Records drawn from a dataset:
%%

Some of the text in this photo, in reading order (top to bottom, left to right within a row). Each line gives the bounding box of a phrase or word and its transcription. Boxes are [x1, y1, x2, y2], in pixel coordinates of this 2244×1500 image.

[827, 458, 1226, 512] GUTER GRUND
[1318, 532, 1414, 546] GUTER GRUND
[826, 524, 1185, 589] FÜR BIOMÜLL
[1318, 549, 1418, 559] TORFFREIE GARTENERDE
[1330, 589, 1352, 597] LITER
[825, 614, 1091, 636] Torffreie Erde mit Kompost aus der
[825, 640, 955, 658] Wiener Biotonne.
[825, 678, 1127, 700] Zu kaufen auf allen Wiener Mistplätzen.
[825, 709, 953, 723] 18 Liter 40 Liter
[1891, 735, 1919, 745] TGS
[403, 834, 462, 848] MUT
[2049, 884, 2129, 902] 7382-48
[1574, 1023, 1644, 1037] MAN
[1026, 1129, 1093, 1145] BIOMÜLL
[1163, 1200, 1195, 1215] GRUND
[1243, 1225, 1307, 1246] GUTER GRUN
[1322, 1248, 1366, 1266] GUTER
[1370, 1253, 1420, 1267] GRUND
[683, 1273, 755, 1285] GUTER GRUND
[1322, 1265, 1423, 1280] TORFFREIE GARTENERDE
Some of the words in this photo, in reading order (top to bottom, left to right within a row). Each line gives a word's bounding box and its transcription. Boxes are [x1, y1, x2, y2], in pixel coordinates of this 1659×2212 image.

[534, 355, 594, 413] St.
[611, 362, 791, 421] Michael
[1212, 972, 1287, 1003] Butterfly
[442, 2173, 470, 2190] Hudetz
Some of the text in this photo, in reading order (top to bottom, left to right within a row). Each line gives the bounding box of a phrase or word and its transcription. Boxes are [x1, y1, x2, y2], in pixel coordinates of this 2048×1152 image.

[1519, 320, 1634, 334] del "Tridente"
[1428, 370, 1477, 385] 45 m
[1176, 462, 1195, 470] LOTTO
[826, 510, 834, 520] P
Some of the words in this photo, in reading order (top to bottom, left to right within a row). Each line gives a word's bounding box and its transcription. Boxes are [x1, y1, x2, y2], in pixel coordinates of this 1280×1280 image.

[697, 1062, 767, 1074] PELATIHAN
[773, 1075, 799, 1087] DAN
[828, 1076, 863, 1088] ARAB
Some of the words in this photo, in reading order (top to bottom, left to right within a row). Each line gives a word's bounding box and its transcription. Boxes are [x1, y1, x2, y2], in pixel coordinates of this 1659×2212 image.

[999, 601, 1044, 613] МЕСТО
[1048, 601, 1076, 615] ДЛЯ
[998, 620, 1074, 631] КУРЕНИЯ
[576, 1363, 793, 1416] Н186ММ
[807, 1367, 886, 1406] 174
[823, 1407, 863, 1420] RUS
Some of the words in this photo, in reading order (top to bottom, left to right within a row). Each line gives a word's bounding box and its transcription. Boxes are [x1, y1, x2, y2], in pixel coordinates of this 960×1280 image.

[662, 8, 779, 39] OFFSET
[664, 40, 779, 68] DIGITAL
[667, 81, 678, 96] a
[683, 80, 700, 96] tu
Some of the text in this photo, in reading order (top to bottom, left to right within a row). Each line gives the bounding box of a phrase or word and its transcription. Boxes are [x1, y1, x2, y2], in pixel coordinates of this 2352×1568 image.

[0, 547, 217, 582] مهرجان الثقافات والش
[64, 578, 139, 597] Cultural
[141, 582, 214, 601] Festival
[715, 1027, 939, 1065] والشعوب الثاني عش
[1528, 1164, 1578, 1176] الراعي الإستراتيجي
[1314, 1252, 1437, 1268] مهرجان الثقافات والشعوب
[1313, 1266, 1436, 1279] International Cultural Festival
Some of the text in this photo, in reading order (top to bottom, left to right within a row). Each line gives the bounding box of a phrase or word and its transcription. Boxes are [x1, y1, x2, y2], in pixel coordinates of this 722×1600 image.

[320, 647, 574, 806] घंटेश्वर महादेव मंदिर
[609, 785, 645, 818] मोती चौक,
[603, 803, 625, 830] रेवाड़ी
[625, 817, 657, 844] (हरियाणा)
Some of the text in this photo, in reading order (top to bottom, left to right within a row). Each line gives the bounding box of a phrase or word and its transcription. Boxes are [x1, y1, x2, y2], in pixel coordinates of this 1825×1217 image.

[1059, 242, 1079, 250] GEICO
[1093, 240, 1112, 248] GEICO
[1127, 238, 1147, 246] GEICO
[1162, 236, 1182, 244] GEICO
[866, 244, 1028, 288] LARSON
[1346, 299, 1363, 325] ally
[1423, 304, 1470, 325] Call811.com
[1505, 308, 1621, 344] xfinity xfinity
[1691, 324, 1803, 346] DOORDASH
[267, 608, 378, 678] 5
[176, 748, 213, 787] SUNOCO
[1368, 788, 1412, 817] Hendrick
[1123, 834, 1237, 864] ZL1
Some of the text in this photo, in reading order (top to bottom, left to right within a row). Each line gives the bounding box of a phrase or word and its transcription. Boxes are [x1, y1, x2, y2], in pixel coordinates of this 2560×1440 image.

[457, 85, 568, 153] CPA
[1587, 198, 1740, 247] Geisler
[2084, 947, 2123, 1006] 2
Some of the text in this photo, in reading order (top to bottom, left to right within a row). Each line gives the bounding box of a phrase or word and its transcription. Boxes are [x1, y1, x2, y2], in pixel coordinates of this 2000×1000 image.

%%

An exact copy of every entry above is the expected answer.

Result of this task:
Some of the text in this photo, in reading order (top to bottom, left to right within a row). Each line gives the bounding box of a phrase or word and its transcription. Boxes are [x1, y1, x2, y2], in pixel coordinates of this 2244×1500 image.

[827, 458, 1226, 512] GUTER GRUND
[1318, 532, 1414, 546] GUTER GRUND
[826, 524, 1185, 589] FÜR BIOMÜLL
[1318, 549, 1418, 559] TORFFREIE GARTENERDE
[1330, 589, 1352, 597] LITER
[825, 614, 1091, 636] Torffreie Erde mit Kompost aus der
[825, 640, 955, 658] Wiener Biotonne.
[825, 678, 1127, 700] Zu kaufen auf allen Wiener Mistplätzen.
[825, 709, 953, 723] 18 Liter 40 Liter
[1891, 735, 1919, 745] TGS
[403, 834, 462, 848] MUT
[2049, 884, 2129, 902] 7382-48
[1574, 1023, 1644, 1037] MAN
[1026, 1129, 1093, 1145] BIOMÜLL
[1163, 1200, 1195, 1215] GRUND
[1243, 1225, 1307, 1246] GUTER GRUN
[1322, 1248, 1366, 1266] GUTER
[1370, 1253, 1420, 1267] GRUND
[683, 1273, 755, 1285] GUTER GRUND
[1322, 1265, 1423, 1280] TORFFREIE GARTENERDE
Some of the words in this photo, in reading order (top to bottom, left to right within a row). Each line gives a word's bounding box and its transcription. Boxes are [x1, y1, x2, y2], in pixel coordinates of this 1659×2212 image.

[534, 355, 594, 413] St.
[611, 362, 791, 421] Michael
[1212, 972, 1287, 1003] Butterfly
[442, 2173, 470, 2190] Hudetz
Some of the text in this photo, in reading order (top to bottom, left to right within a row). Each line gives the bounding box of a phrase or word and its transcription. Boxes are [x1, y1, x2, y2], in pixel coordinates of this 2048×1152 image.

[1519, 320, 1634, 334] del "Tridente"
[1428, 370, 1477, 385] 45 m
[1176, 462, 1195, 470] LOTTO
[826, 510, 834, 520] P
Some of the words in this photo, in reading order (top to bottom, left to right within a row). Each line gives a word's bounding box and its transcription. Boxes are [x1, y1, x2, y2], in pixel coordinates of this 1280×1280 image.

[697, 1062, 767, 1074] PELATIHAN
[773, 1075, 799, 1087] DAN
[828, 1076, 863, 1088] ARAB
Some of the words in this photo, in reading order (top to bottom, left to right within a row). Each line gives a word's bounding box and its transcription. Boxes are [x1, y1, x2, y2], in pixel coordinates of this 1659×2212 image.

[999, 601, 1044, 613] МЕСТО
[1048, 601, 1076, 615] ДЛЯ
[998, 620, 1074, 631] КУРЕНИЯ
[576, 1363, 793, 1416] Н186ММ
[807, 1367, 886, 1406] 174
[823, 1407, 863, 1420] RUS
Some of the words in this photo, in reading order (top to bottom, left to right within a row). Each line gives a word's bounding box and its transcription. Boxes are [x1, y1, x2, y2], in pixel coordinates of this 960×1280 image.

[662, 8, 779, 39] OFFSET
[664, 40, 779, 68] DIGITAL
[667, 81, 678, 96] a
[683, 80, 700, 96] tu
Some of the text in this photo, in reading order (top to bottom, left to right within a row). Each line gives the bounding box of a phrase or word and its transcription. Boxes are [x1, y1, x2, y2], in pixel coordinates of this 2352×1568 image.

[0, 547, 217, 582] مهرجان الثقافات والش
[64, 578, 139, 597] Cultural
[141, 582, 214, 601] Festival
[715, 1027, 939, 1065] والشعوب الثاني عش
[1528, 1164, 1578, 1176] الراعي الإستراتيجي
[1314, 1252, 1437, 1268] مهرجان الثقافات والشعوب
[1313, 1266, 1436, 1279] International Cultural Festival
Some of the text in this photo, in reading order (top to bottom, left to right within a row). Each line gives the bounding box of a phrase or word and its transcription. Boxes are [x1, y1, x2, y2], in pixel coordinates of this 722×1600 image.

[320, 647, 574, 806] घंटेश्वर महादेव मंदिर
[609, 785, 645, 818] मोती चौक,
[603, 803, 625, 830] रेवाड़ी
[625, 817, 657, 844] (हरियाणा)
Some of the text in this photo, in reading order (top to bottom, left to right within a row). Each line gives the bounding box of a phrase or word and its transcription. Boxes are [x1, y1, x2, y2], in pixel coordinates of this 1825×1217 image.

[1059, 242, 1079, 250] GEICO
[1093, 240, 1112, 248] GEICO
[1127, 238, 1147, 246] GEICO
[1162, 236, 1182, 244] GEICO
[866, 244, 1028, 288] LARSON
[1346, 299, 1363, 325] ally
[1423, 304, 1470, 325] Call811.com
[1505, 308, 1621, 344] xfinity xfinity
[1691, 324, 1803, 346] DOORDASH
[267, 608, 378, 678] 5
[176, 748, 213, 787] SUNOCO
[1368, 788, 1412, 817] Hendrick
[1123, 834, 1237, 864] ZL1
Some of the text in this photo, in reading order (top to bottom, left to right within a row). Each line gives the bounding box of a phrase or word and its transcription. Boxes are [x1, y1, x2, y2], in pixel coordinates of this 2560×1440 image.

[457, 85, 568, 153] CPA
[1587, 198, 1740, 247] Geisler
[2084, 947, 2123, 1006] 2
Some of the text in this photo, in reading order (top to bottom, left to right within a row). Each line gives the bounding box of a phrase or word and its transcription. Boxes are [x1, y1, x2, y2], in pixel coordinates of this 2000×1000 image.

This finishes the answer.